To maintain positive connections among worshippers, religious organizations often emphasize prompt forgiveness of offenses. This clemency is constructive when the offense is simple rudeness or accidental contact. However, when the problem is intentional sexual harassment and/or assault, prompt forgiveness is not the best response. Many sexual predators obsessively want power and repeatedly harass their victims. These offenders need firm rules, psychological counseling, and strong sanctions to discourage serial molestation.

In general, houses of worship need to become places where people can feel safe. All religious institutions and organizations should provide clear and stringent sexual harassment policies that cover different types of abuse, regardless of who commits the assaults, the employment status of the individuals, and the genders of the people involved. I feel strongly that serial harassers should be expelled from churches, synagogues, mosques, etc. Also, any clergy who ignore complaints about abuse should lose their jobs. In addition, we need to impeach negligent officers of congregations who turn their backs on harassed individuals.

Our legal system must become more sensitive to all types of sexual harassment, whether it is online, verbal, or physical. If abuse has lasted for years, a one-year restraining order seems inadequate. Courts need the flexibility to issue multi-year or permanent restraining orders and to insist on severe penalties if assailants stalk or touch those who have asked for privacy and respect. Prosecutors and law enforcement personnel need to take more interest in curbing sexual harassment. Having units with special training in dealing with harassment would help districts. Also, because criminal defendants have the right to see anyone testifying against them face-to-face, courts require funds to cover the travel expenses of witnesses.

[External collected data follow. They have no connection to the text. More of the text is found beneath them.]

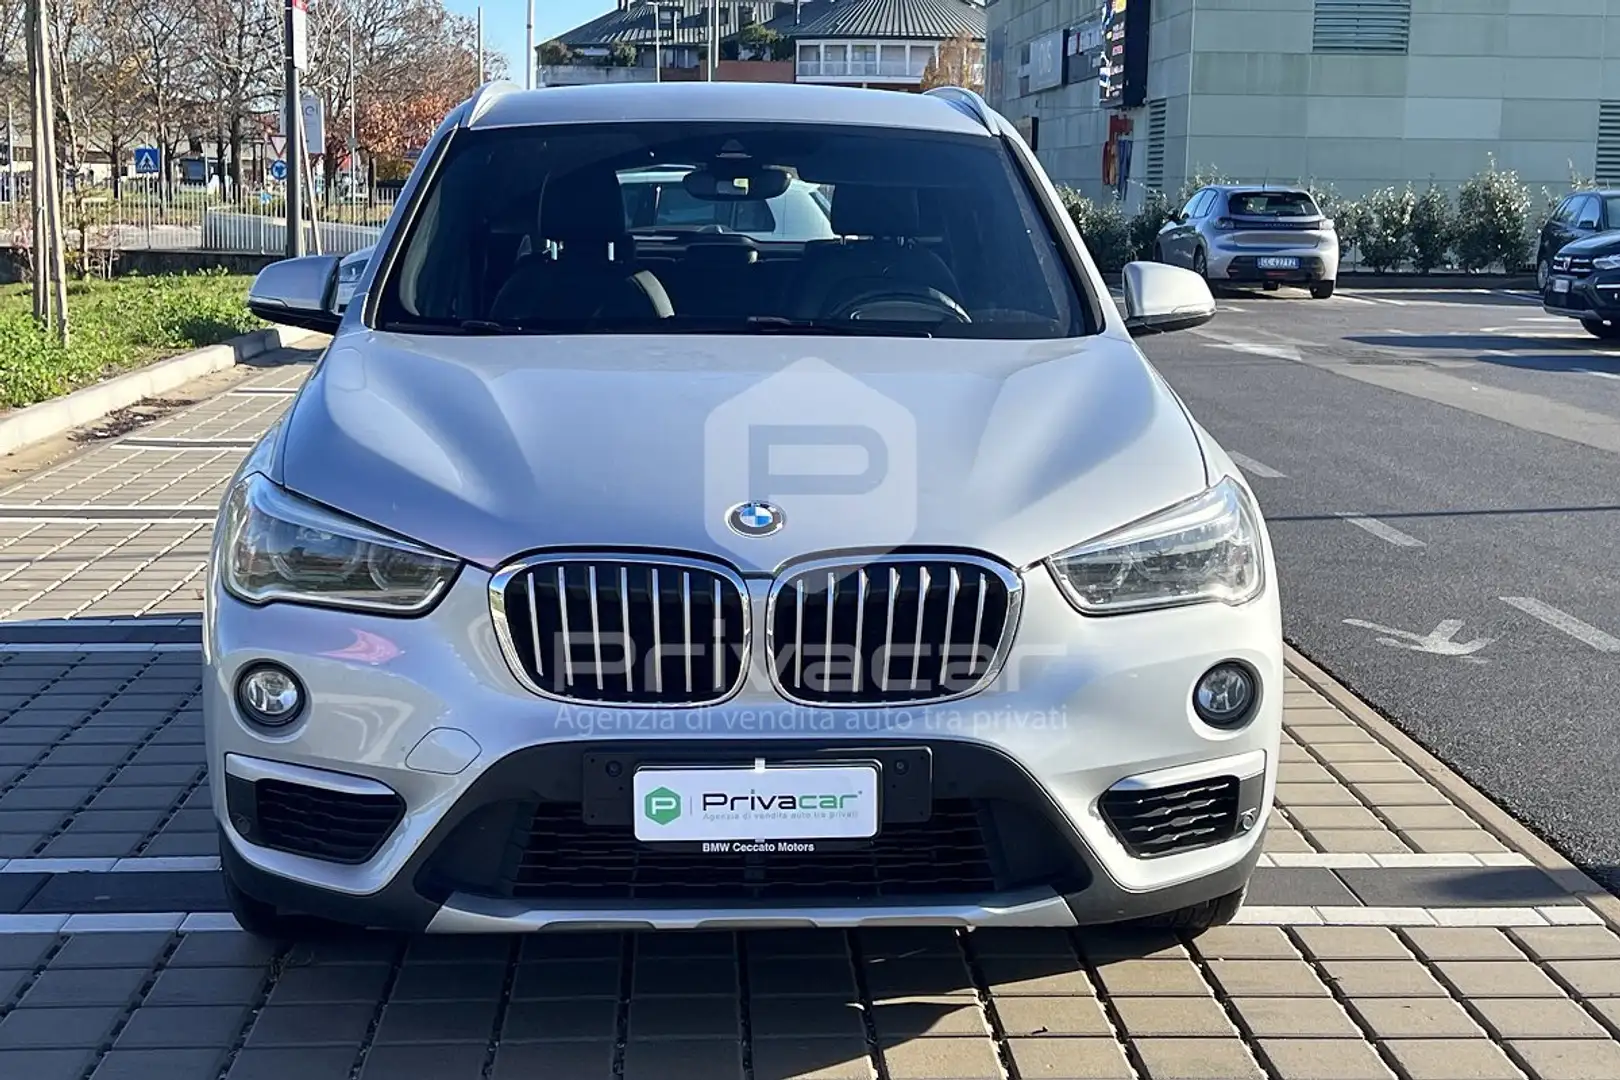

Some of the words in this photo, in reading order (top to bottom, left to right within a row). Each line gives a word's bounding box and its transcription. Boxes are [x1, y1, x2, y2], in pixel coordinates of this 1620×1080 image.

[703, 789, 858, 811] Privacar
[702, 812, 740, 821] Agenzia
[742, 811, 752, 820] di
[754, 811, 788, 820] vendita
[790, 811, 812, 819] auto
[814, 810, 827, 819] tra
[828, 810, 859, 820] privati
[702, 842, 730, 852] BMW
[732, 842, 775, 852] Ceccato
[778, 842, 815, 852] Motors
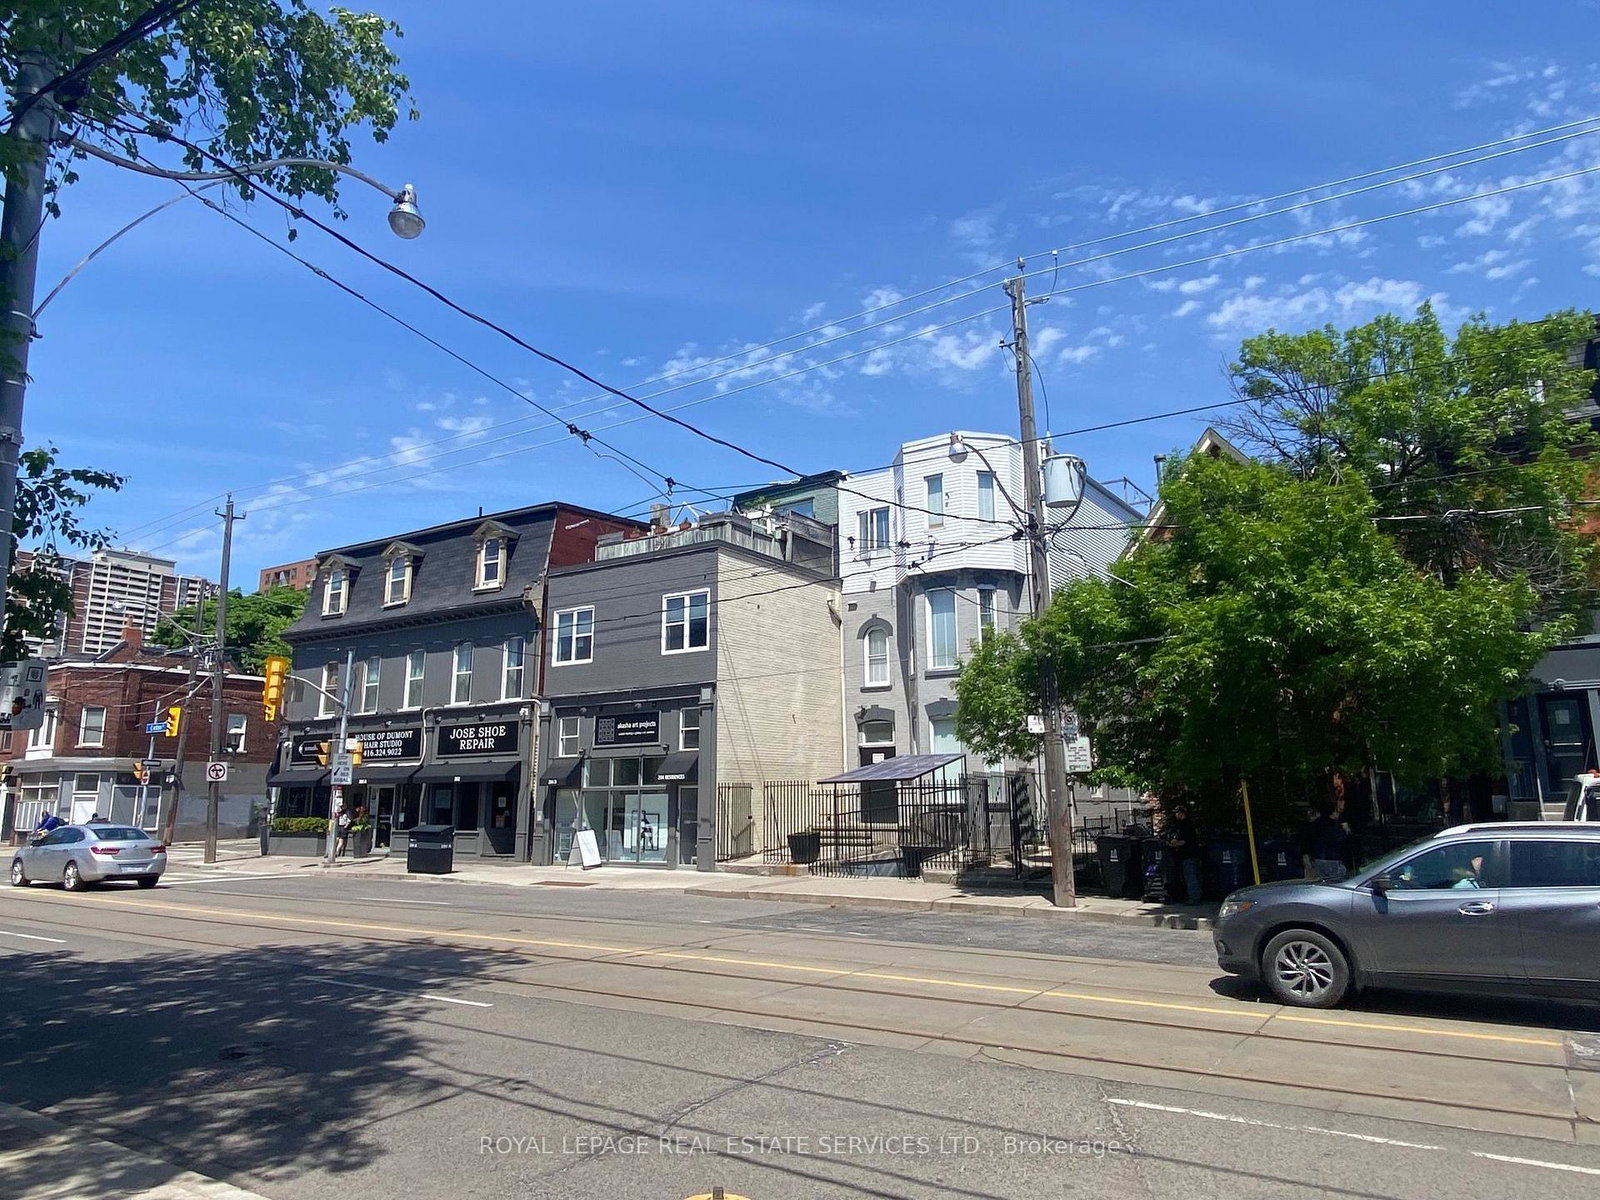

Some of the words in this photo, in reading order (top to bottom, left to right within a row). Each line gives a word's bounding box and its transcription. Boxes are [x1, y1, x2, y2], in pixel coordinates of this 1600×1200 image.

[355, 733, 376, 741] HOUSE
[376, 732, 386, 740] OF
[386, 730, 413, 740] DUMONT
[449, 727, 476, 740] JOSE
[478, 725, 506, 738] SHOE
[363, 741, 379, 749] HAIR
[379, 739, 403, 748] STUDIO
[459, 738, 495, 750] REPAIR
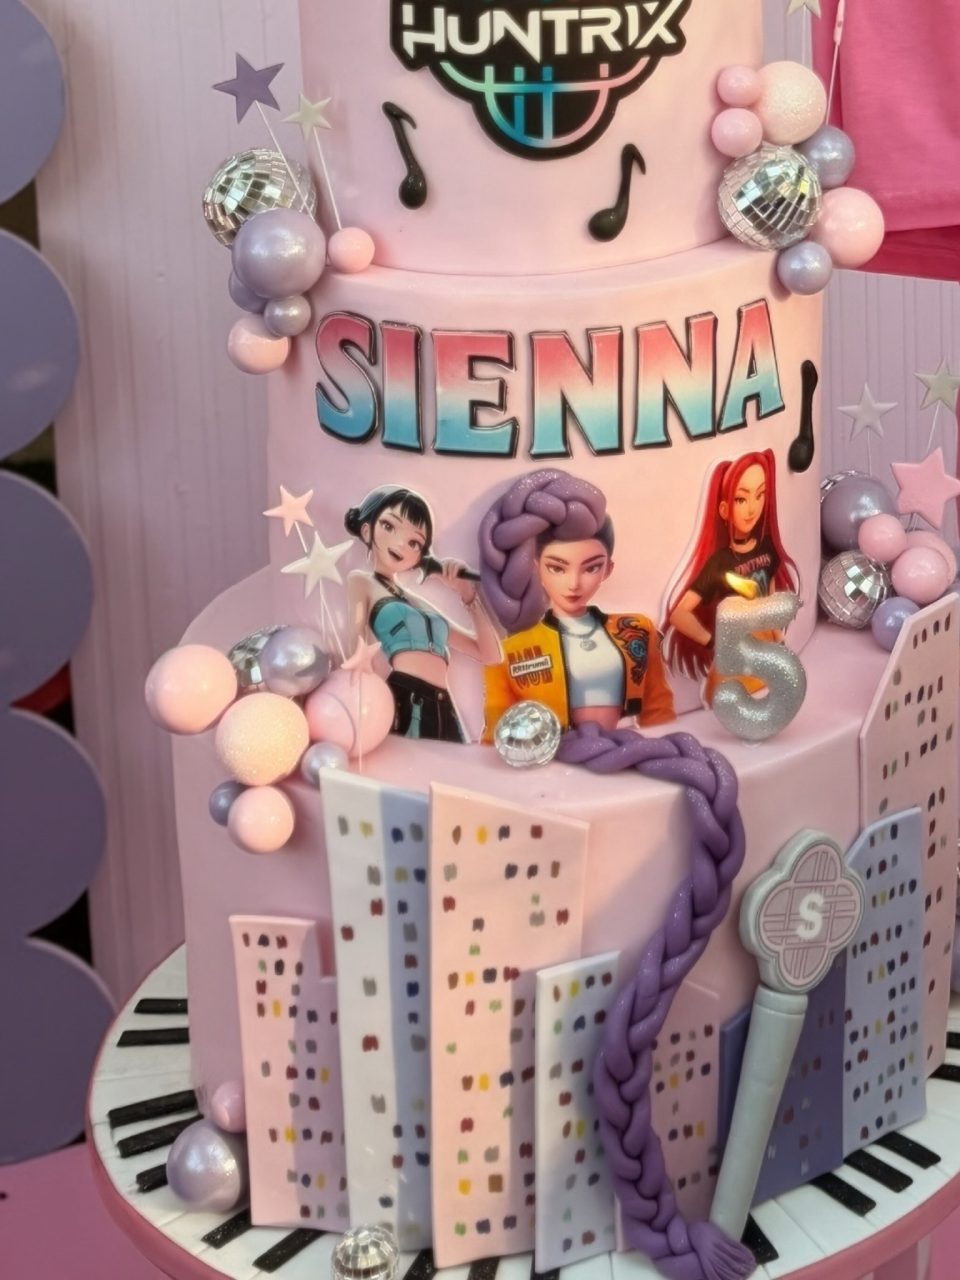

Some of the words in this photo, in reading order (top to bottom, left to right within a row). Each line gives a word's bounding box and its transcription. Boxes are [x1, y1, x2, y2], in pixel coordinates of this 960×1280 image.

[315, 297, 786, 460] SIENNA
[712, 591, 808, 742] 5
[797, 892, 825, 940] S

Workplaces, schools, religious organizations, Scout troops, sports teams, and other groups need to educate people about sexual harassment and to punish abusers. I also recommend that all schools and colleges teach self-defense skills, especially to girls and women, who frequently get targeted by assailants.

Sweeping harassment under the rug will not prevent more assaults or heal traumatized individuals. Sexual harassment at a house of worship is not a “personal problem.” Such abuse is a crisis for the whole community, and everyone must address this concern.